ASSIGNMENT:
Every record below should appear in your answer, copied exactly.

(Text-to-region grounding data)
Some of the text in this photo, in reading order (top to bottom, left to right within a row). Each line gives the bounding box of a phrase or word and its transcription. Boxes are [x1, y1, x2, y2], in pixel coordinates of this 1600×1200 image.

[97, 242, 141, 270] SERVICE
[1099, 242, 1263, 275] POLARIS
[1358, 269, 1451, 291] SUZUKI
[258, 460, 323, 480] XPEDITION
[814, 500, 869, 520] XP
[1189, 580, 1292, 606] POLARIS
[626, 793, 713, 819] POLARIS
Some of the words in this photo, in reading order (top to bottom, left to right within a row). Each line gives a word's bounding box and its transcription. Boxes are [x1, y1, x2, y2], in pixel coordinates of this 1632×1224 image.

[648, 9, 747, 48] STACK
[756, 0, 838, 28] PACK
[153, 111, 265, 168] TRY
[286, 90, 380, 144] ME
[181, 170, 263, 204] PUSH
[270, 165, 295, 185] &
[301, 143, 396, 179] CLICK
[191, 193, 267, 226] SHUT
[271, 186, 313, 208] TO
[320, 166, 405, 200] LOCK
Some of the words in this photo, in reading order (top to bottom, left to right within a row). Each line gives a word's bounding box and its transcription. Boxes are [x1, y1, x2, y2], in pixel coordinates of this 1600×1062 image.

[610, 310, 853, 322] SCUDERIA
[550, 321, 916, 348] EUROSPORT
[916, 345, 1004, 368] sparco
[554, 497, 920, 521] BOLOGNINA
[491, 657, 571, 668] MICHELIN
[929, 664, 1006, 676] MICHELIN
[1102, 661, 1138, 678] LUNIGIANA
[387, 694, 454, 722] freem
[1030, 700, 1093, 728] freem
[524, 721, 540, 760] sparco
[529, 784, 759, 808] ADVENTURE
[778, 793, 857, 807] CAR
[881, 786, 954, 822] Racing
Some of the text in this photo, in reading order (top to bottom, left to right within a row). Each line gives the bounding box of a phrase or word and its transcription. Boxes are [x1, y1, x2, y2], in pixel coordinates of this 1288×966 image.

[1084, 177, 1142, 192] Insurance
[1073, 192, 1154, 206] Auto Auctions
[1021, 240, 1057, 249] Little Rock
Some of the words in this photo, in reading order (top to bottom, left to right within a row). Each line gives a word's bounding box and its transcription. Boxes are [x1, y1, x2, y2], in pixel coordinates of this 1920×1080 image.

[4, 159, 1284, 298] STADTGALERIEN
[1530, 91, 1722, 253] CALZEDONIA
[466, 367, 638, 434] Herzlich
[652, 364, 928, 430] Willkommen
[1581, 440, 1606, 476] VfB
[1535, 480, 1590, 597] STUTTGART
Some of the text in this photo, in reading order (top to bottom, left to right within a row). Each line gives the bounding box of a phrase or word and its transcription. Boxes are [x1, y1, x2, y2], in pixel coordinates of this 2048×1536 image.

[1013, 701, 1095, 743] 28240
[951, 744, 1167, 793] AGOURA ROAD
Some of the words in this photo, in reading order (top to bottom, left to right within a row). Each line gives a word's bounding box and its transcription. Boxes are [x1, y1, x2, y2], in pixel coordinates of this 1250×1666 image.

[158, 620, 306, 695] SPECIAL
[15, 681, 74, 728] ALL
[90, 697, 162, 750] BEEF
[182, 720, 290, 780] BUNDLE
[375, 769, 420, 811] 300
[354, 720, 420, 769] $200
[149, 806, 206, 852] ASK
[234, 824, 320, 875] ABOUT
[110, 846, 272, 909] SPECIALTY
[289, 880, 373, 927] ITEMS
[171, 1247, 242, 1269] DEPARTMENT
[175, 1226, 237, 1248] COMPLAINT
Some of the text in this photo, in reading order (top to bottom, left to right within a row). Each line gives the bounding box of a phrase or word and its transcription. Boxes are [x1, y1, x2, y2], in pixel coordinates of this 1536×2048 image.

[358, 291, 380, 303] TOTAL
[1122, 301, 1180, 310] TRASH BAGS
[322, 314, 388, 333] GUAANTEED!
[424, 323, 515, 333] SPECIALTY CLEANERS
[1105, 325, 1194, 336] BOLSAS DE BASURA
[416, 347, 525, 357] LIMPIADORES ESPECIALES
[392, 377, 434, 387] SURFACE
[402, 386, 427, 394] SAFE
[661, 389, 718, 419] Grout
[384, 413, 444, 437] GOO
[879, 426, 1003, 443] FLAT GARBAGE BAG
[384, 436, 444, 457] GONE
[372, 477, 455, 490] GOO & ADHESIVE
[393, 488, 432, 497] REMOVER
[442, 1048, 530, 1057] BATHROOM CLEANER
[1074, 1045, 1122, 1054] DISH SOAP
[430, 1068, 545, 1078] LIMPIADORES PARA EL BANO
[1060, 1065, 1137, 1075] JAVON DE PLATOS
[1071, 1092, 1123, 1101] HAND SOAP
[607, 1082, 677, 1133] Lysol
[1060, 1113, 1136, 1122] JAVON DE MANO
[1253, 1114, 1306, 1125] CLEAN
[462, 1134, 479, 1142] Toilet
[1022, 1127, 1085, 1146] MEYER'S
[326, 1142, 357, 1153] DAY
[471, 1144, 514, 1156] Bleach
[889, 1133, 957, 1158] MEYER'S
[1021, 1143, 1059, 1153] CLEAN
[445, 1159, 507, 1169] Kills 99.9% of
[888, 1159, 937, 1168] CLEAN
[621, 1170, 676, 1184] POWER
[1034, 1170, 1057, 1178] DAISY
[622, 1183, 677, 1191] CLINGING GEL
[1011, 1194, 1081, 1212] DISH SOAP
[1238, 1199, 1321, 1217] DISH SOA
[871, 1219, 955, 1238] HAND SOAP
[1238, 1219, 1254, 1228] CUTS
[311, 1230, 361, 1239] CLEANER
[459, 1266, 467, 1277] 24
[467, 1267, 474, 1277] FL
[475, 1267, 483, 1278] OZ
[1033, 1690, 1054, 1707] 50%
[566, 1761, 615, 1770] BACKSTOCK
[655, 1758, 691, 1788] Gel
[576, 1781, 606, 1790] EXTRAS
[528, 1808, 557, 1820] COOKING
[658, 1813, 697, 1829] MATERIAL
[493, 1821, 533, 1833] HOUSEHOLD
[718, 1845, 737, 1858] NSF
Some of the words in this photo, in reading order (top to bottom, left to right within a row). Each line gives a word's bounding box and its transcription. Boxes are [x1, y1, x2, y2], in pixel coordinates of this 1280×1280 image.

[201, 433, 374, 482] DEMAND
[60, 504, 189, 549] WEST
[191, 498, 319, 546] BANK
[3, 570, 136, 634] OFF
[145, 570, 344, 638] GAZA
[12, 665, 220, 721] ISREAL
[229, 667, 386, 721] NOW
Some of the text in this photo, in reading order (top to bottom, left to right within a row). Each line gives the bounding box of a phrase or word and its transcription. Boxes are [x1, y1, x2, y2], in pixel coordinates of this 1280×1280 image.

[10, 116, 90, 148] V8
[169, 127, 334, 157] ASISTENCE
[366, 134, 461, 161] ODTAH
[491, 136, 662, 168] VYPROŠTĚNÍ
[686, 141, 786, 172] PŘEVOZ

TASK RESULT:
Some of the text in this photo, in reading order (top to bottom, left to right within a row). Each line gives the bounding box of a phrase or word and its transcription. Boxes are [x1, y1, x2, y2], in pixel coordinates of this 1600×1200 image.

[97, 242, 141, 270] SERVICE
[1099, 242, 1263, 275] POLARIS
[1358, 269, 1451, 291] SUZUKI
[258, 460, 323, 480] XPEDITION
[814, 500, 869, 520] XP
[1189, 580, 1292, 606] POLARIS
[626, 793, 713, 819] POLARIS
Some of the words in this photo, in reading order (top to bottom, left to right within a row). Each line gives a word's bounding box and its transcription. Boxes are [x1, y1, x2, y2], in pixel coordinates of this 1632×1224 image.

[648, 9, 747, 48] STACK
[756, 0, 838, 28] PACK
[153, 111, 265, 168] TRY
[286, 90, 380, 144] ME
[181, 170, 263, 204] PUSH
[270, 165, 295, 185] &
[301, 143, 396, 179] CLICK
[191, 193, 267, 226] SHUT
[271, 186, 313, 208] TO
[320, 166, 405, 200] LOCK
Some of the words in this photo, in reading order (top to bottom, left to right within a row). Each line gives a word's bounding box and its transcription. Boxes are [x1, y1, x2, y2], in pixel coordinates of this 1600×1062 image.

[610, 310, 853, 322] SCUDERIA
[550, 321, 916, 348] EUROSPORT
[916, 345, 1004, 368] sparco
[554, 497, 920, 521] BOLOGNINA
[491, 657, 571, 668] MICHELIN
[929, 664, 1006, 676] MICHELIN
[1102, 661, 1138, 678] LUNIGIANA
[387, 694, 454, 722] freem
[1030, 700, 1093, 728] freem
[524, 721, 540, 760] sparco
[529, 784, 759, 808] ADVENTURE
[778, 793, 857, 807] CAR
[881, 786, 954, 822] Racing
Some of the text in this photo, in reading order (top to bottom, left to right within a row). Each line gives the bounding box of a phrase or word and its transcription. Boxes are [x1, y1, x2, y2], in pixel coordinates of this 1288×966 image.

[1084, 177, 1142, 192] Insurance
[1073, 192, 1154, 206] Auto Auctions
[1021, 240, 1057, 249] Little Rock
Some of the words in this photo, in reading order (top to bottom, left to right within a row). Each line gives a word's bounding box and its transcription. Boxes are [x1, y1, x2, y2], in pixel coordinates of this 1920×1080 image.

[4, 159, 1284, 298] STADTGALERIEN
[1530, 91, 1722, 253] CALZEDONIA
[466, 367, 638, 434] Herzlich
[652, 364, 928, 430] Willkommen
[1581, 440, 1606, 476] VfB
[1535, 480, 1590, 597] STUTTGART
Some of the text in this photo, in reading order (top to bottom, left to right within a row). Each line gives the bounding box of a phrase or word and its transcription. Boxes are [x1, y1, x2, y2], in pixel coordinates of this 2048×1536 image.

[1013, 701, 1095, 743] 28240
[951, 744, 1167, 793] AGOURA ROAD
Some of the words in this photo, in reading order (top to bottom, left to right within a row). Each line gives a word's bounding box and its transcription. Boxes are [x1, y1, x2, y2], in pixel coordinates of this 1250×1666 image.

[158, 620, 306, 695] SPECIAL
[15, 681, 74, 728] ALL
[90, 697, 162, 750] BEEF
[182, 720, 290, 780] BUNDLE
[375, 769, 420, 811] 300
[354, 720, 420, 769] $200
[149, 806, 206, 852] ASK
[234, 824, 320, 875] ABOUT
[110, 846, 272, 909] SPECIALTY
[289, 880, 373, 927] ITEMS
[171, 1247, 242, 1269] DEPARTMENT
[175, 1226, 237, 1248] COMPLAINT
Some of the text in this photo, in reading order (top to bottom, left to right within a row). Each line gives the bounding box of a phrase or word and its transcription. Boxes are [x1, y1, x2, y2], in pixel coordinates of this 1536×2048 image.

[358, 291, 380, 303] TOTAL
[1122, 301, 1180, 310] TRASH BAGS
[322, 314, 388, 333] GUAANTEED!
[424, 323, 515, 333] SPECIALTY CLEANERS
[1105, 325, 1194, 336] BOLSAS DE BASURA
[416, 347, 525, 357] LIMPIADORES ESPECIALES
[392, 377, 434, 387] SURFACE
[402, 386, 427, 394] SAFE
[661, 389, 718, 419] Grout
[384, 413, 444, 437] GOO
[879, 426, 1003, 443] FLAT GARBAGE BAG
[384, 436, 444, 457] GONE
[372, 477, 455, 490] GOO & ADHESIVE
[393, 488, 432, 497] REMOVER
[442, 1048, 530, 1057] BATHROOM CLEANER
[1074, 1045, 1122, 1054] DISH SOAP
[430, 1068, 545, 1078] LIMPIADORES PARA EL BANO
[1060, 1065, 1137, 1075] JAVON DE PLATOS
[1071, 1092, 1123, 1101] HAND SOAP
[607, 1082, 677, 1133] Lysol
[1060, 1113, 1136, 1122] JAVON DE MANO
[1253, 1114, 1306, 1125] CLEAN
[462, 1134, 479, 1142] Toilet
[1022, 1127, 1085, 1146] MEYER'S
[326, 1142, 357, 1153] DAY
[471, 1144, 514, 1156] Bleach
[889, 1133, 957, 1158] MEYER'S
[1021, 1143, 1059, 1153] CLEAN
[445, 1159, 507, 1169] Kills 99.9% of
[888, 1159, 937, 1168] CLEAN
[621, 1170, 676, 1184] POWER
[1034, 1170, 1057, 1178] DAISY
[622, 1183, 677, 1191] CLINGING GEL
[1011, 1194, 1081, 1212] DISH SOAP
[1238, 1199, 1321, 1217] DISH SOA
[871, 1219, 955, 1238] HAND SOAP
[1238, 1219, 1254, 1228] CUTS
[311, 1230, 361, 1239] CLEANER
[459, 1266, 467, 1277] 24
[467, 1267, 474, 1277] FL
[475, 1267, 483, 1278] OZ
[1033, 1690, 1054, 1707] 50%
[566, 1761, 615, 1770] BACKSTOCK
[655, 1758, 691, 1788] Gel
[576, 1781, 606, 1790] EXTRAS
[528, 1808, 557, 1820] COOKING
[658, 1813, 697, 1829] MATERIAL
[493, 1821, 533, 1833] HOUSEHOLD
[718, 1845, 737, 1858] NSF
Some of the words in this photo, in reading order (top to bottom, left to right within a row). Each line gives a word's bounding box and its transcription. Boxes are [x1, y1, x2, y2], in pixel coordinates of this 1280×1280 image.

[201, 433, 374, 482] DEMAND
[60, 504, 189, 549] WEST
[191, 498, 319, 546] BANK
[3, 570, 136, 634] OFF
[145, 570, 344, 638] GAZA
[12, 665, 220, 721] ISREAL
[229, 667, 386, 721] NOW
Some of the text in this photo, in reading order (top to bottom, left to right within a row). Each line gives the bounding box of a phrase or word and its transcription. Boxes are [x1, y1, x2, y2], in pixel coordinates of this 1280×1280 image.

[10, 116, 90, 148] V8
[169, 127, 334, 157] ASISTENCE
[366, 134, 461, 161] ODTAH
[491, 136, 662, 168] VYPROŠTĚNÍ
[686, 141, 786, 172] PŘEVOZ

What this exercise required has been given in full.